▶ **PROMPT**
Repeat the lines below exactly as they appear, but leave out the images.

▶ **LISTED ENTRIES**

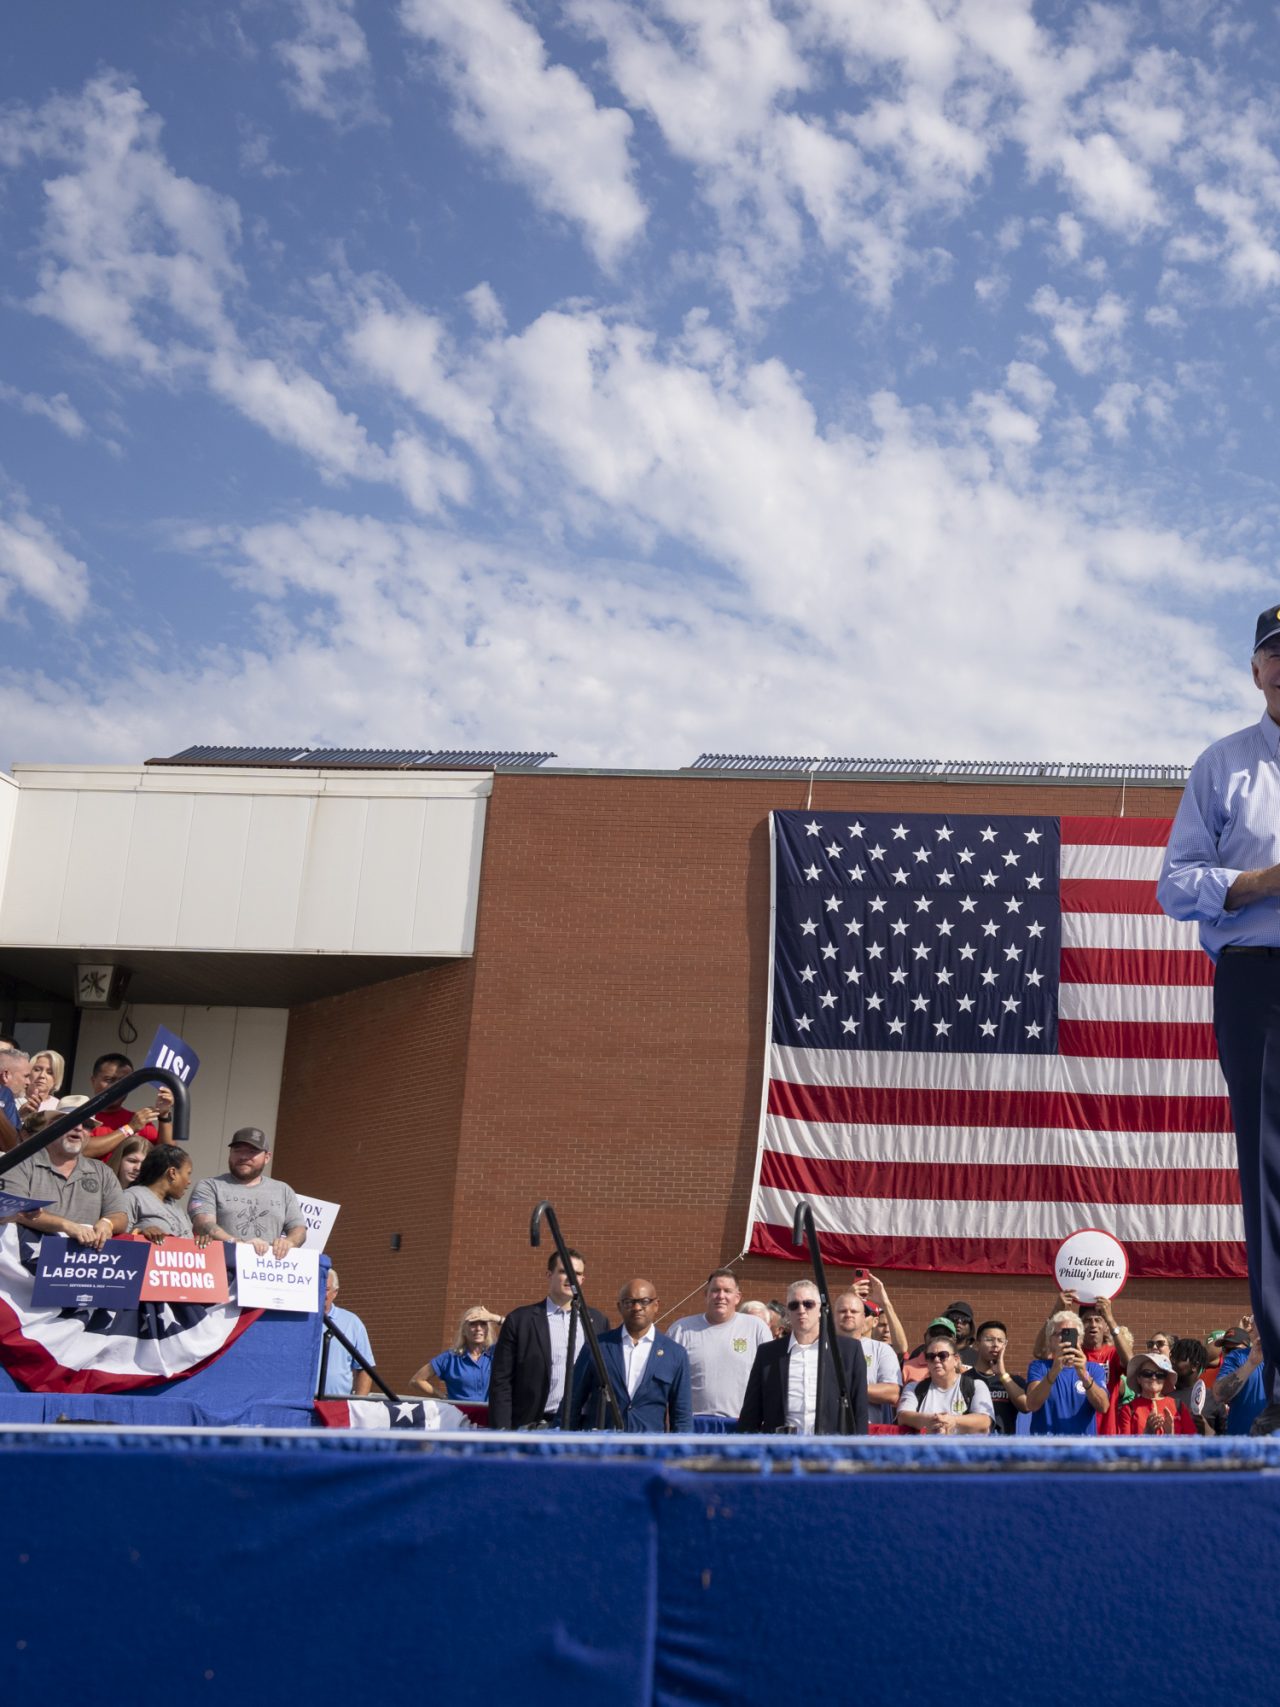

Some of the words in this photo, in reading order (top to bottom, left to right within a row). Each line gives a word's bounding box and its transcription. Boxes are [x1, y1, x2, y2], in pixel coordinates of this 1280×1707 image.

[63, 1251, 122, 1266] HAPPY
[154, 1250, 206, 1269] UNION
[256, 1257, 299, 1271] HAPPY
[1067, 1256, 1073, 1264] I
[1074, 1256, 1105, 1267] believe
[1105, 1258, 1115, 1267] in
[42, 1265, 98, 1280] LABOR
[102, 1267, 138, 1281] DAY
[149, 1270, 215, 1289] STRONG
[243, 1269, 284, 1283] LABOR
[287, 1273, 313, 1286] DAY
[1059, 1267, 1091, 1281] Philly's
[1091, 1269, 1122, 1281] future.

▶ **ANSWER FOR THIS EXERCISE**
Some of the words in this photo, in reading order (top to bottom, left to right within a row). Each line gives a word's bounding box and its transcription. Boxes are [x1, y1, x2, y2], in pixel coordinates of this 1280×1707 image.

[63, 1251, 122, 1266] HAPPY
[154, 1250, 206, 1269] UNION
[256, 1257, 299, 1271] HAPPY
[1067, 1256, 1073, 1264] I
[1074, 1256, 1105, 1267] believe
[1105, 1258, 1115, 1267] in
[42, 1265, 98, 1280] LABOR
[102, 1267, 138, 1281] DAY
[149, 1270, 215, 1289] STRONG
[243, 1269, 284, 1283] LABOR
[287, 1273, 313, 1286] DAY
[1059, 1267, 1091, 1281] Philly's
[1091, 1269, 1122, 1281] future.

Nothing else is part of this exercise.